[Dataset entries]
○ ○ ○ ○

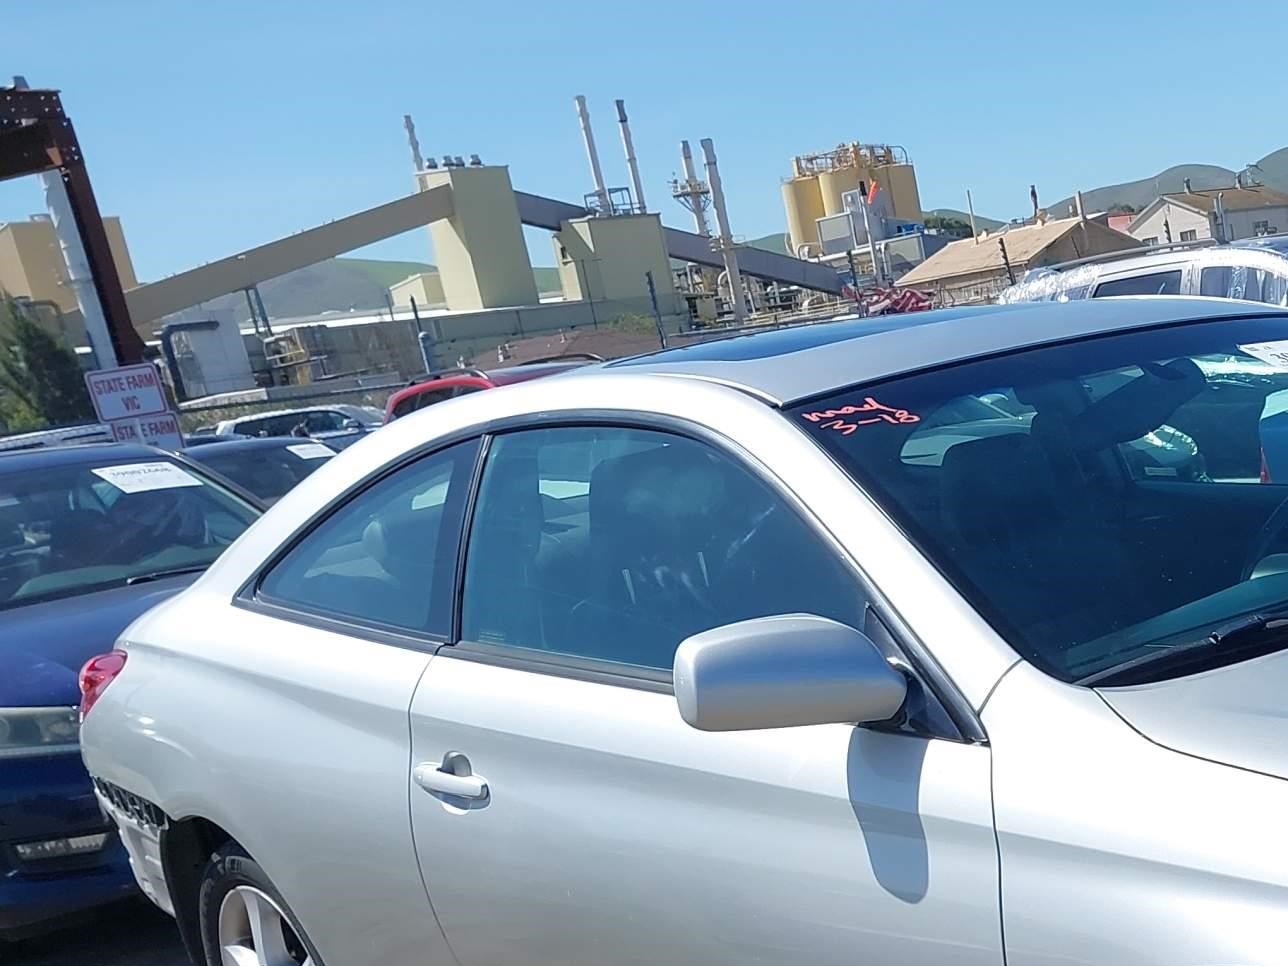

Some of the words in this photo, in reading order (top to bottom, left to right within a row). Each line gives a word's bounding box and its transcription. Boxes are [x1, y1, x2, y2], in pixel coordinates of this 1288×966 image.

[93, 377, 126, 396] STATE
[126, 372, 155, 390] FARM
[121, 395, 141, 412] VIC
[116, 424, 149, 441] STAE
[149, 420, 177, 438] FARM
[820, 409, 921, 436] 3-18
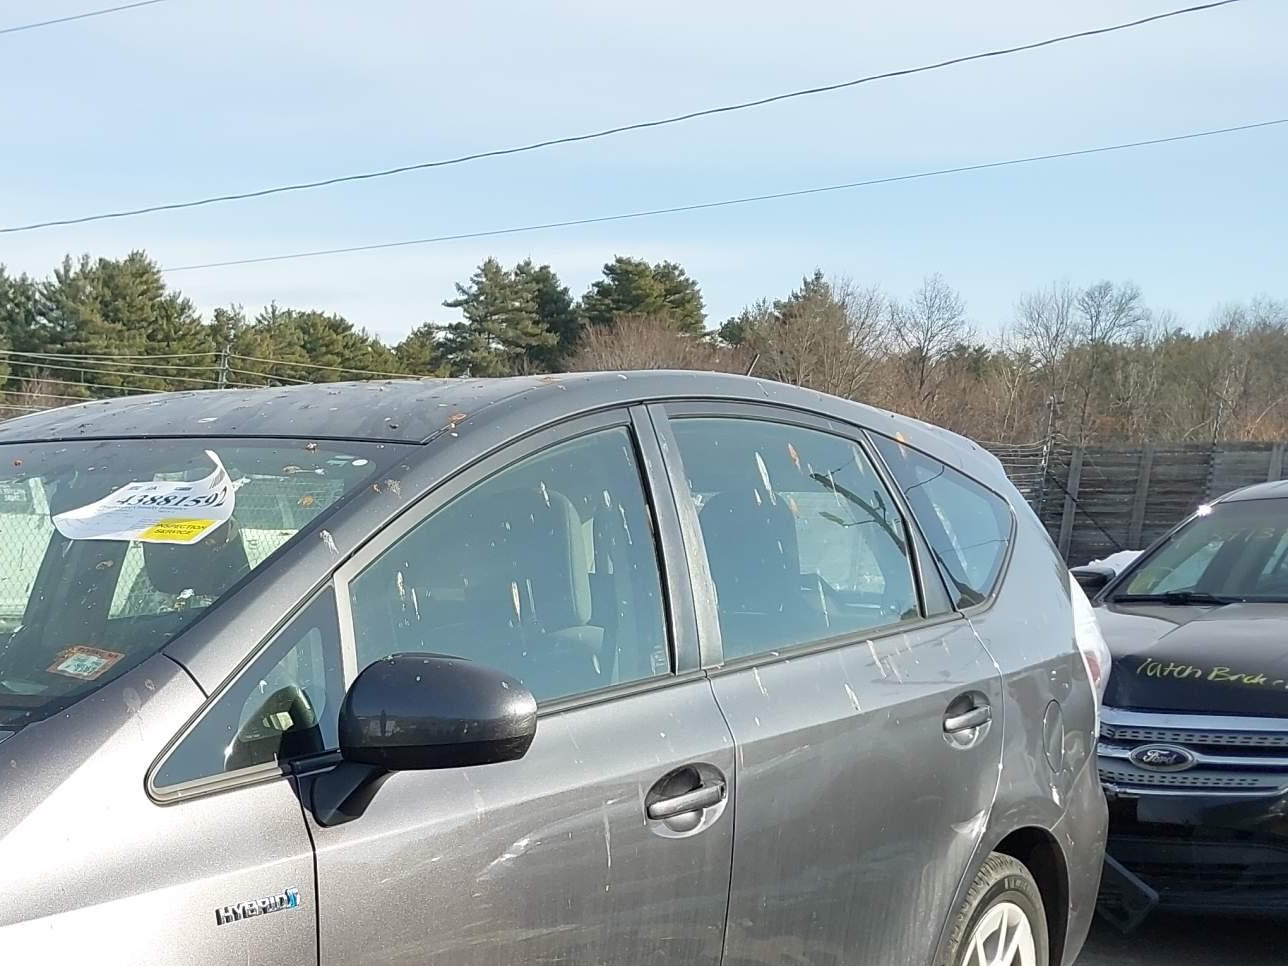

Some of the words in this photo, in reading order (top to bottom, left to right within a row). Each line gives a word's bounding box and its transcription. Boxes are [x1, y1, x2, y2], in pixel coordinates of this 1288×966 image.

[117, 486, 227, 507] 43881592
[1142, 749, 1177, 765] Ford
[215, 895, 289, 926] HYBRID
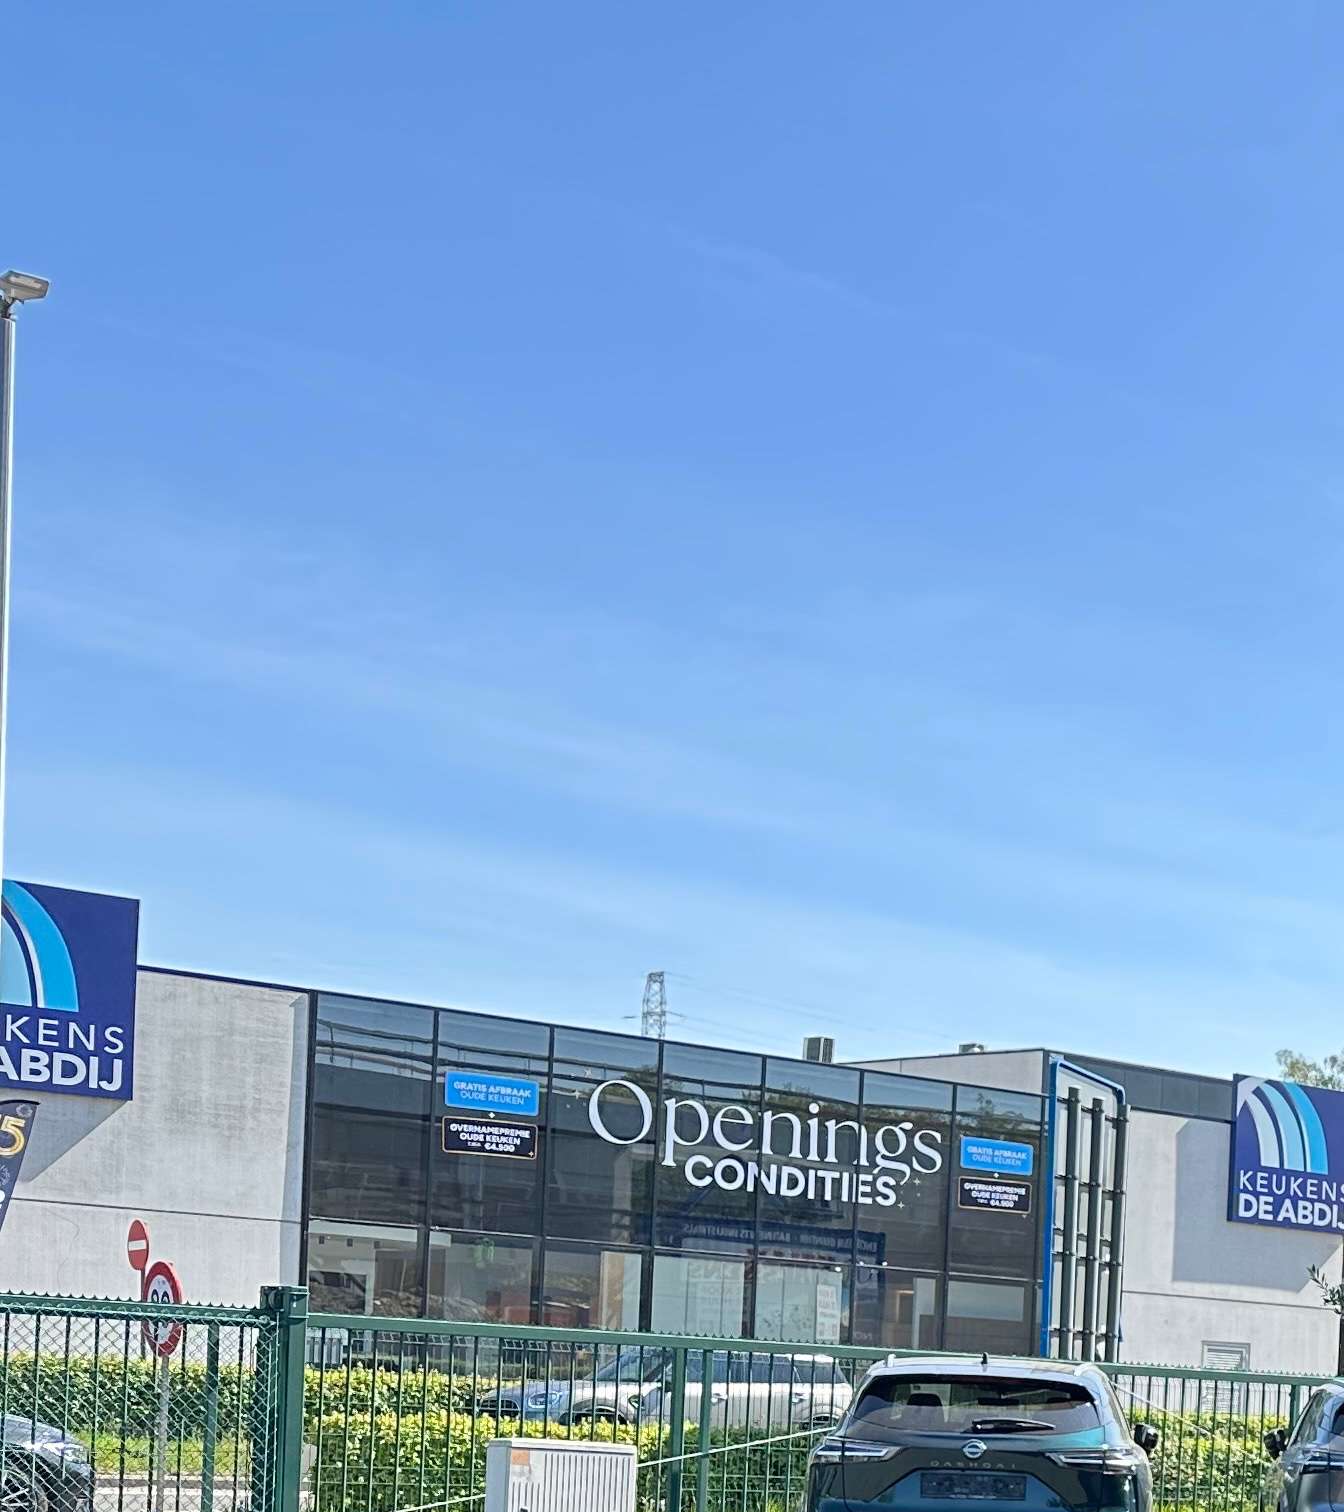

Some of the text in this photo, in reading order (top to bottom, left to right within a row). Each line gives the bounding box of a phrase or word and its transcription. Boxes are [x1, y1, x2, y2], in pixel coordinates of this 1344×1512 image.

○ ○ ○ ○

EXERCISE GOAL: Restate the records word for word, omitting images.

TASK OUTPUT:
Some of the words in this photo, in reading order (top to bottom, left to right within a row). Each line gives a word's bounding box and its transcription. Boxes are [x1, y1, x2, y2], in pixel coordinates of this 1288×966 image.

[93, 377, 126, 396] STATE
[126, 372, 155, 390] FARM
[121, 395, 141, 412] VIC
[116, 424, 149, 441] STAE
[149, 420, 177, 438] FARM
[820, 409, 921, 436] 3-18

Some of the words in this photo, in reading order (top to bottom, left to right within a row). Each line gives a word's bounding box and its transcription. Boxes are [x1, y1, x2, y2], in pixel coordinates of this 1288×966 image.

[117, 486, 227, 507] 43881592
[1142, 749, 1177, 765] Ford
[215, 895, 289, 926] HYBRID

Some of the text in this photo, in reading order (top to bottom, left to right within a row). Each line gives the bounding box of a phrase or word and its transcription. Boxes are [x1, y1, x2, y2], in pixel coordinates of this 1344×1512 image.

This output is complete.